Monocytes in dyslipidemia and CVD. This figure illustrates the state of monocytes in CVD. Normal lipid levels: in individuals with normal lipid levels, inflammation is low and the different monocyte subsets preferentially express specific adhesion molecules and chemokine receptors. Dyslipidemia: in individuals with dyslipidemia, the monocyte subset proportion is altered with increased intermediate and nonclassical monocytes, presumably through maturation of monocytes from one subset to the next. In addition, all subsets are more inflammatory (not just one) with increased ability to produce inflammatory cytokines.
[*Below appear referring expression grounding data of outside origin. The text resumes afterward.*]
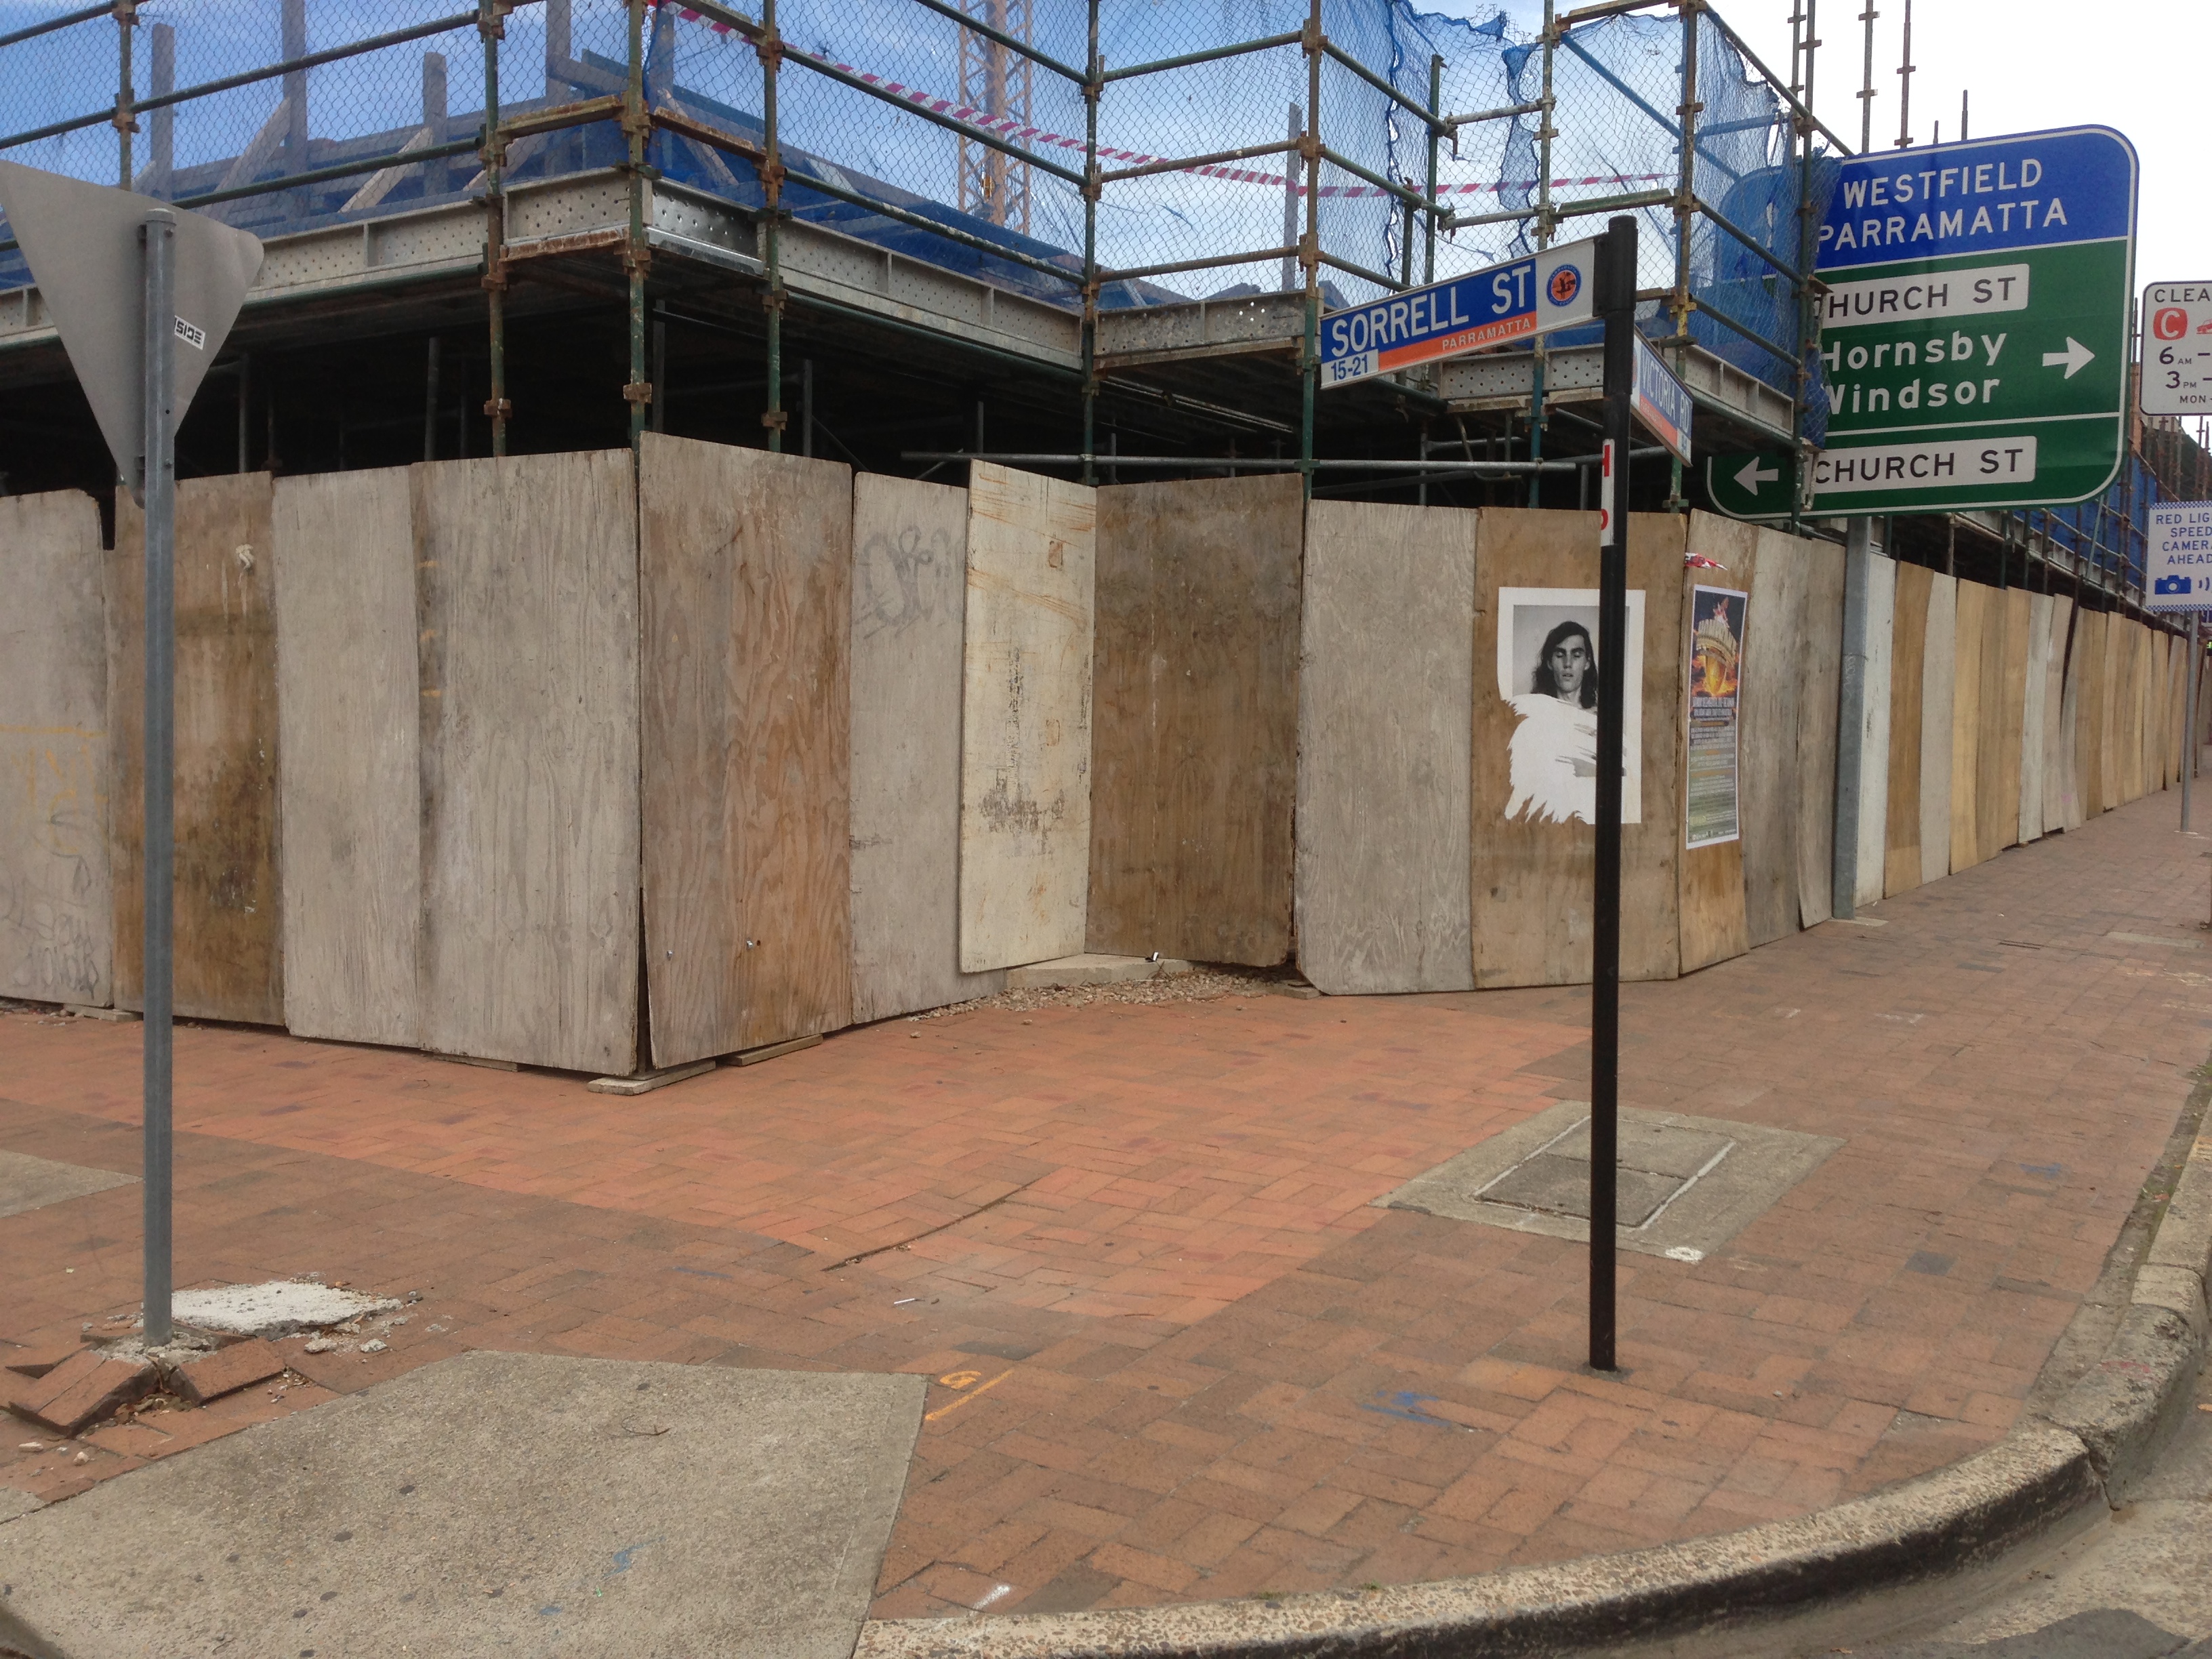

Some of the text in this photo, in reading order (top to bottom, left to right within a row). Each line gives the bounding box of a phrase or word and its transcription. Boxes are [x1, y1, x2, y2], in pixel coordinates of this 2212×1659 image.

[1843, 158, 2043, 209] WESTFIELD
[1816, 197, 2068, 253] PARRAMATTA
[1330, 286, 1469, 357] SORRELL
[1491, 265, 1531, 314] ST
[1814, 276, 2016, 319] HURCH ST
[1442, 317, 1531, 350] PARRAMATTA
[1820, 329, 2007, 371] Hornsby
[1330, 353, 1369, 382] 15-21
[1643, 349, 1676, 422] VICTORIA
[1679, 394, 1689, 434] RD
[1816, 448, 2024, 484] CHURCH ST
[2156, 512, 2212, 525] RED LIG
[2171, 526, 2212, 537] SPEED
[2162, 540, 2212, 552] CAMER
[2167, 553, 2212, 565] AHEAD
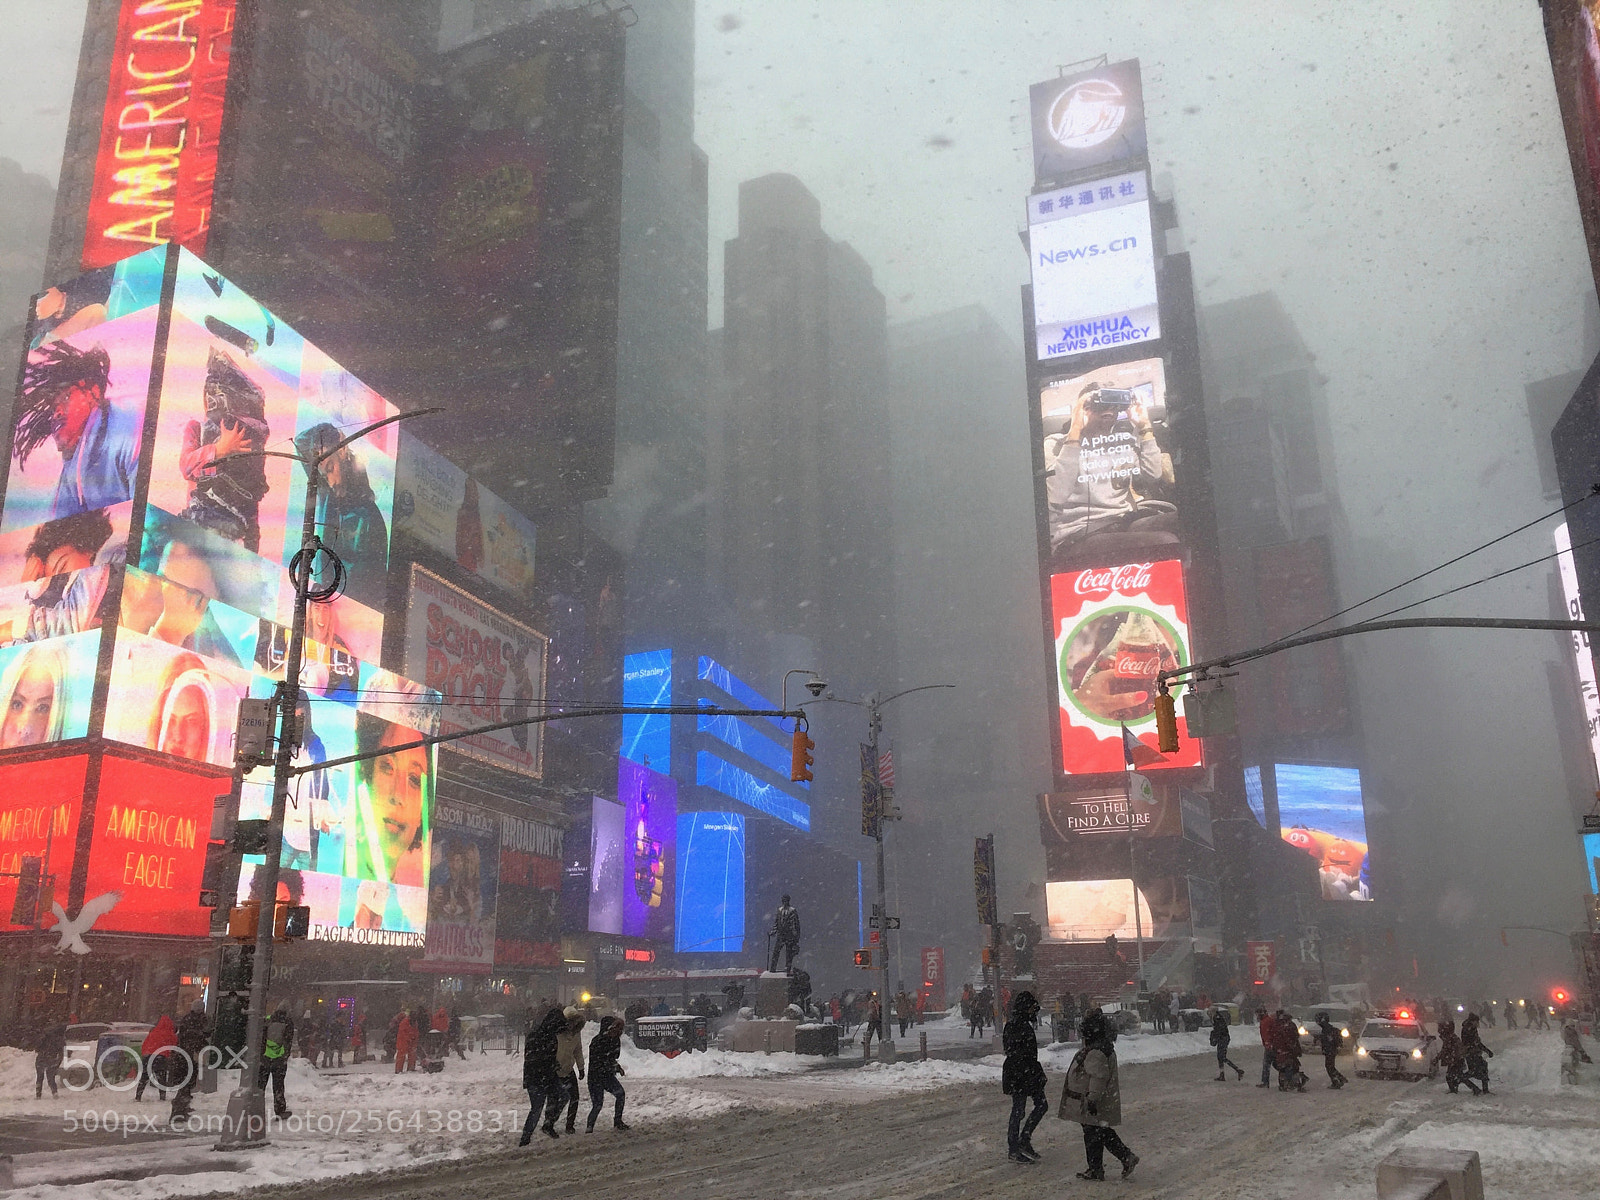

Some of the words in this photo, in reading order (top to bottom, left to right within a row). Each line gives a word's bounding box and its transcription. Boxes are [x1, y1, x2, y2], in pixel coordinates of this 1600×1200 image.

[1038, 180, 1135, 215] 新华通讯社
[1039, 236, 1137, 267] News.cn
[1047, 338, 1088, 355] NEWS
[1091, 326, 1150, 347] AGENCY
[1062, 315, 1133, 341] XINHUA
[1080, 446, 1105, 459] that
[1107, 444, 1131, 455] can
[1081, 437, 1090, 447] A
[1092, 432, 1131, 448] phone
[1077, 466, 1141, 484] anywhere
[1082, 459, 1110, 471] take
[1111, 456, 1134, 469] you
[426, 602, 507, 680] SCHOOL
[424, 644, 505, 724] ROCK
[639, 667, 664, 680] Stanley
[434, 804, 464, 825] ASON
[465, 812, 494, 832] MRAZ
[1067, 816, 1099, 828] FIND
[1102, 814, 1112, 826] A
[1115, 813, 1150, 825] CURE
[1082, 804, 1099, 814] TO
[105, 805, 198, 850] AMERICAN
[500, 815, 564, 860] BROADWAY'S
[123, 852, 176, 889] EAGLE
[314, 924, 354, 943] EAGLE
[356, 928, 425, 949] OUTFITTERS
[425, 920, 484, 958] WAITRESS
[926, 951, 939, 980] tkts
[1254, 944, 1270, 980] tkts
[638, 1023, 680, 1032] BROADWAY'S
The subsets also express an increased level, and range of, adhesion molecules (and chemokine receptors) giving them a greater potential to bind to the endothelium. Entering the vessel wall, they become macrophages and upon lipid uptake, transform into foam cells. CVD patient: in CVD patients, the inflammatory state of the monocytes is further exacerbated and subset proportions further perturbed. Monocytes are more able to enter the vessel wall and to adopt an inflammatory macrophage phenotype once there. The chronic inflammatory state will contribute to plaque development. Treated CVD patient: upon treatment, the monocyte subsets become less inflammatory, but they do not necessarily return to levels equivalent to controls. Any lipid-associated functional changes of monocyte derived macrophages in the atherosclerotic plaque that have been induced by trained immunity may persist. Thus, plaque progression could continue despite a drop in lipid levels.